The Hercules of Safety Critical systems
In principle, all products and systems must be safe, in other words, they can't have any unacceptable risk factors. But some risks always remain – no product is 100% safe.
Functional safety means first identifying the risk factors that can cause serious consequences for people or the environment and then determining their risk level. If a risk level is higher than acceptable, actions need to be taken to reduce the risk and to define how they can be detected and how their consequences can be mitigated.
Functional safety has to be taken into consideration in many areas. Factories, for example, have monitoring processes that ensure nothing unplanned happens. The control system can, for example, make sure that a paper machine roll doesn't start rotating too fast or that a wood chip digester doesn't heat up too much.

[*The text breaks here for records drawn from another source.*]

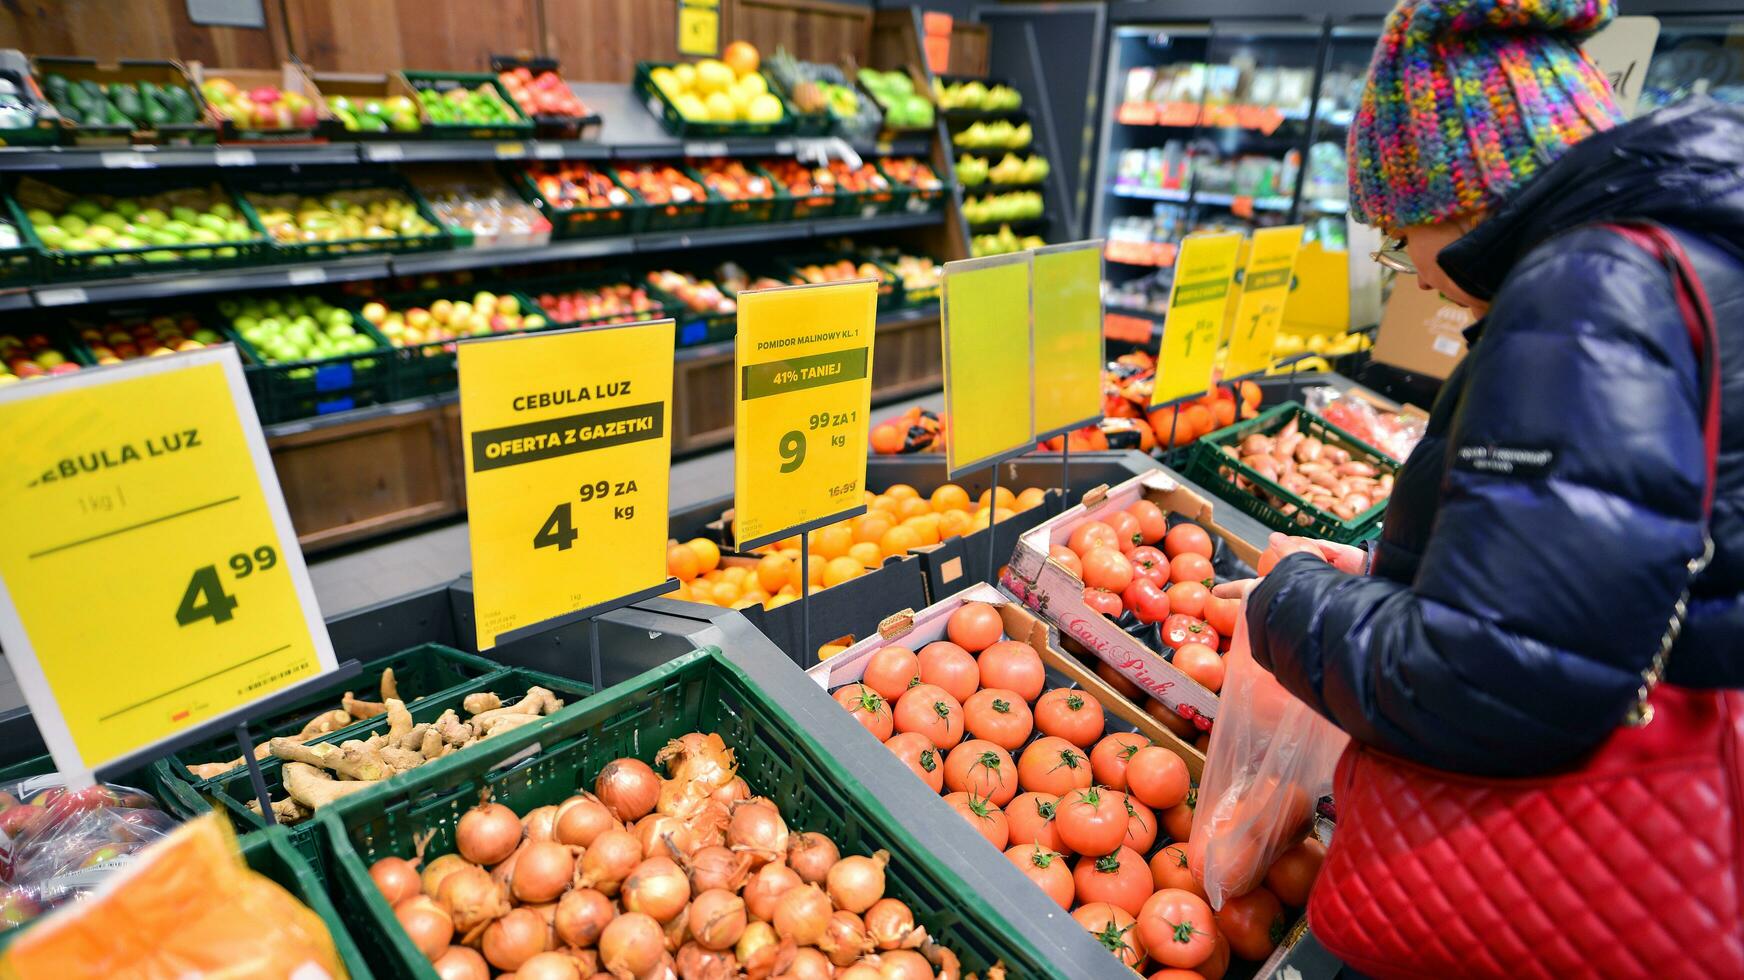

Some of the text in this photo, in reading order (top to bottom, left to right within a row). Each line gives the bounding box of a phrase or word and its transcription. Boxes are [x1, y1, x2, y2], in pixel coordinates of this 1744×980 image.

[757, 338, 796, 350] POMIDOR
[797, 331, 841, 345] MALINOWY
[842, 330, 853, 338] KL.
[773, 362, 841, 385] 41% TANIEJ
[512, 381, 632, 412] CEBULA LUZ
[146, 429, 202, 457] LUZ
[485, 416, 653, 459] OFERTA Z GAZETKI
[779, 411, 856, 473] 9 99 ZA 1
[831, 434, 846, 447] kg
[533, 480, 638, 551] 4 99 ZA
[614, 505, 634, 520] kg
[175, 545, 277, 627] 4 99
[1109, 646, 1175, 696] Pink

Functional safety requirements are defined in EU directives, national legislation, and standards. There are many different directives, for example the machinery, elevator, medical, and ATEX directives. The machinery directive specifies among other things that the safety of machinery is the responsibility of its manufacturer. This means that the device has to be designed to function safely throughout the entire lifespan.
Safety is built in layers
The safety of an industrial process, for example, can be thought of as being built in layers in the following way:
First, the process can be inherently safe or it can be designed to be safe. Such a process would not cause serious harm to people or the environment even if something did go wrong. An example could be a chemical process that is designed so that its materials, pressures, and temperatures remain in the safe range for people and the environment.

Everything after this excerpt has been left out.